**Task description**. Would you restate all of the entries verbatim, minus any images?

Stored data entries
========

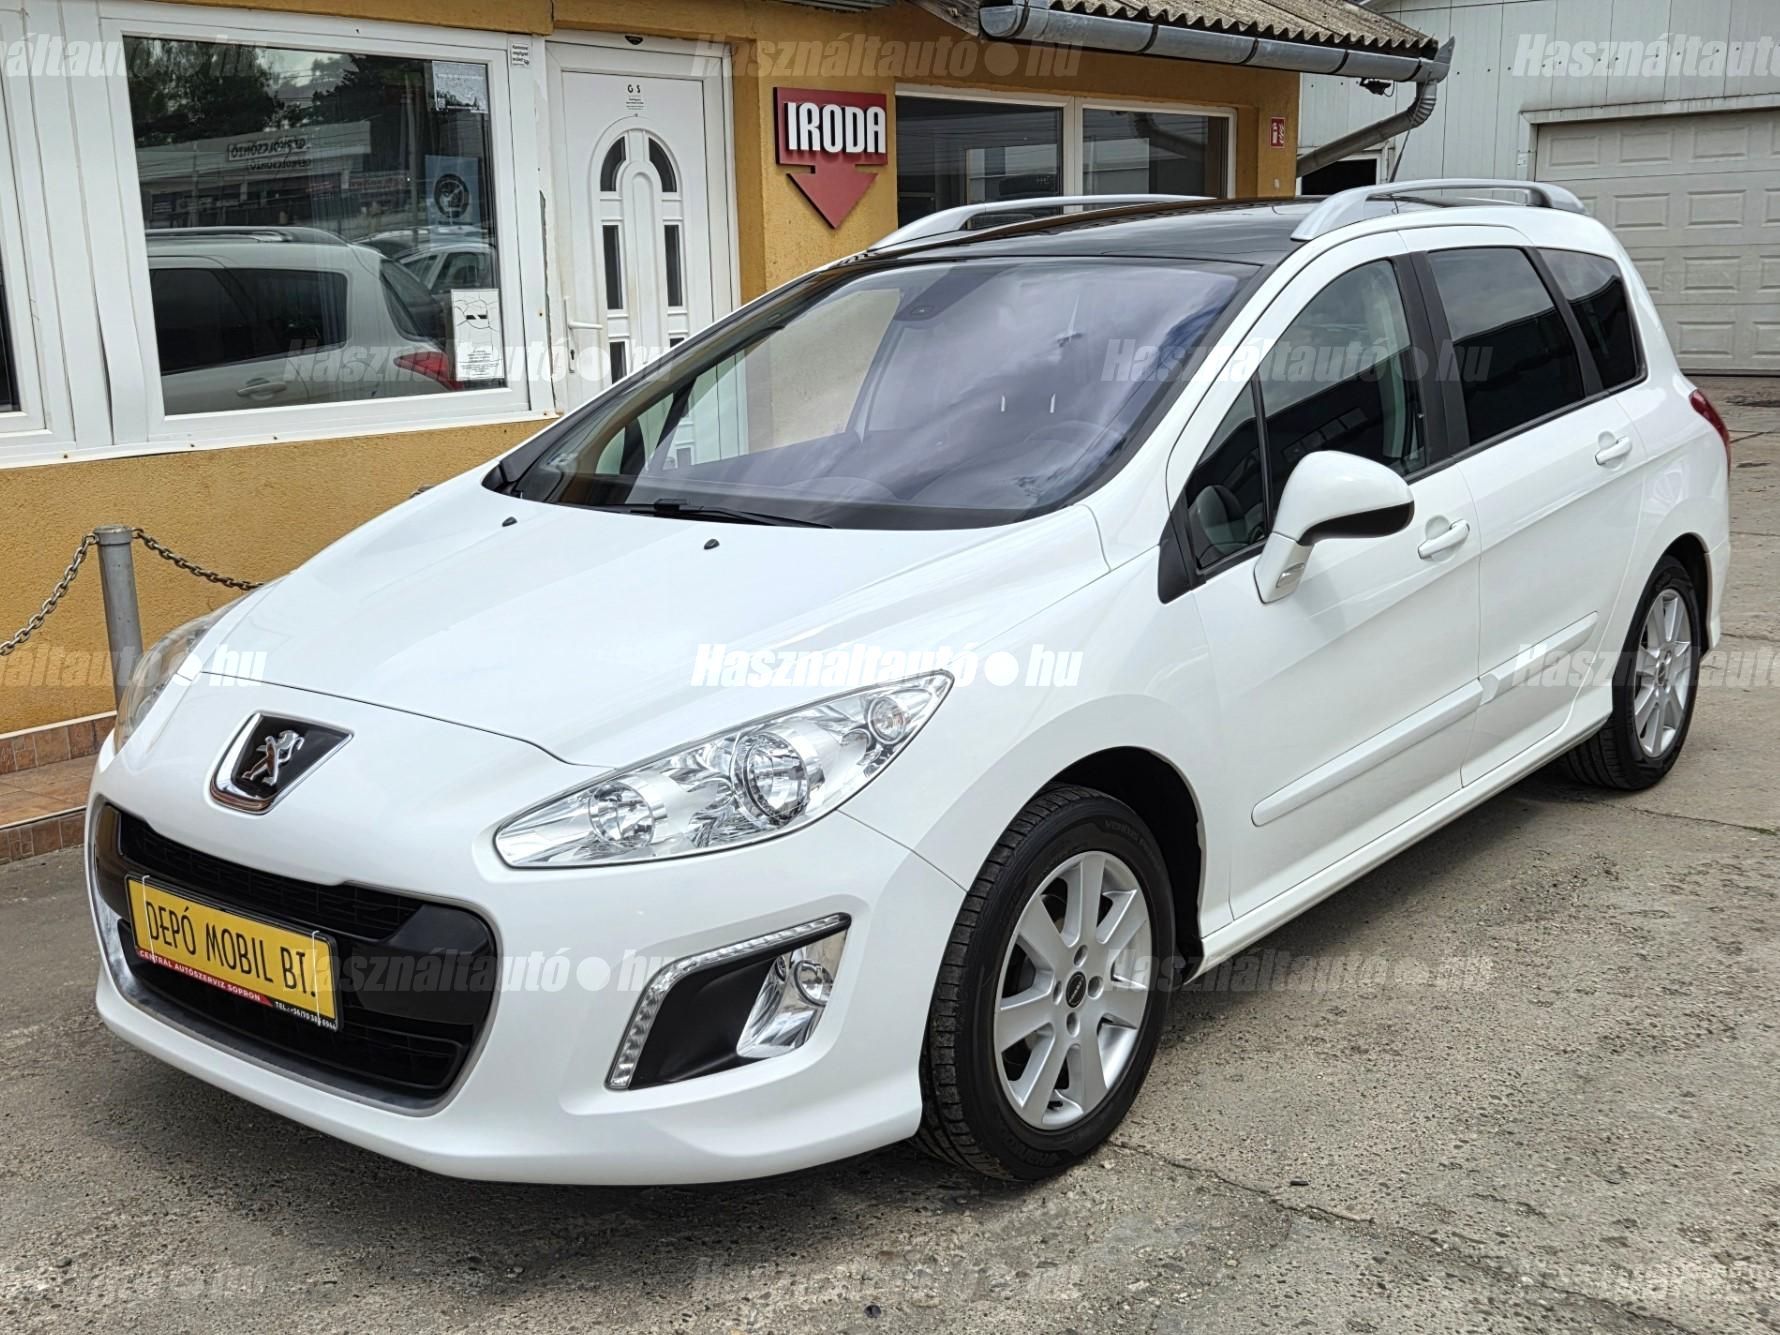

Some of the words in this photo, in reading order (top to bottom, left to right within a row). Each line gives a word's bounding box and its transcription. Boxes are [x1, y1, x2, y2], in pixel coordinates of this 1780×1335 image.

[786, 102, 886, 154] IRODA
[145, 901, 197, 955] DEPÓ
[206, 922, 274, 983] MOBIL
[227, 983, 261, 1001] SOPRON

========

**Result of the exercise**.
Some of the words in this photo, in reading order (top to bottom, left to right within a row). Each line gives a word's bounding box and its transcription. Boxes are [x1, y1, x2, y2], in pixel coordinates of this 1780×1335 image.

[786, 102, 886, 154] IRODA
[145, 901, 197, 955] DEPÓ
[206, 922, 274, 983] MOBIL
[227, 983, 261, 1001] SOPRON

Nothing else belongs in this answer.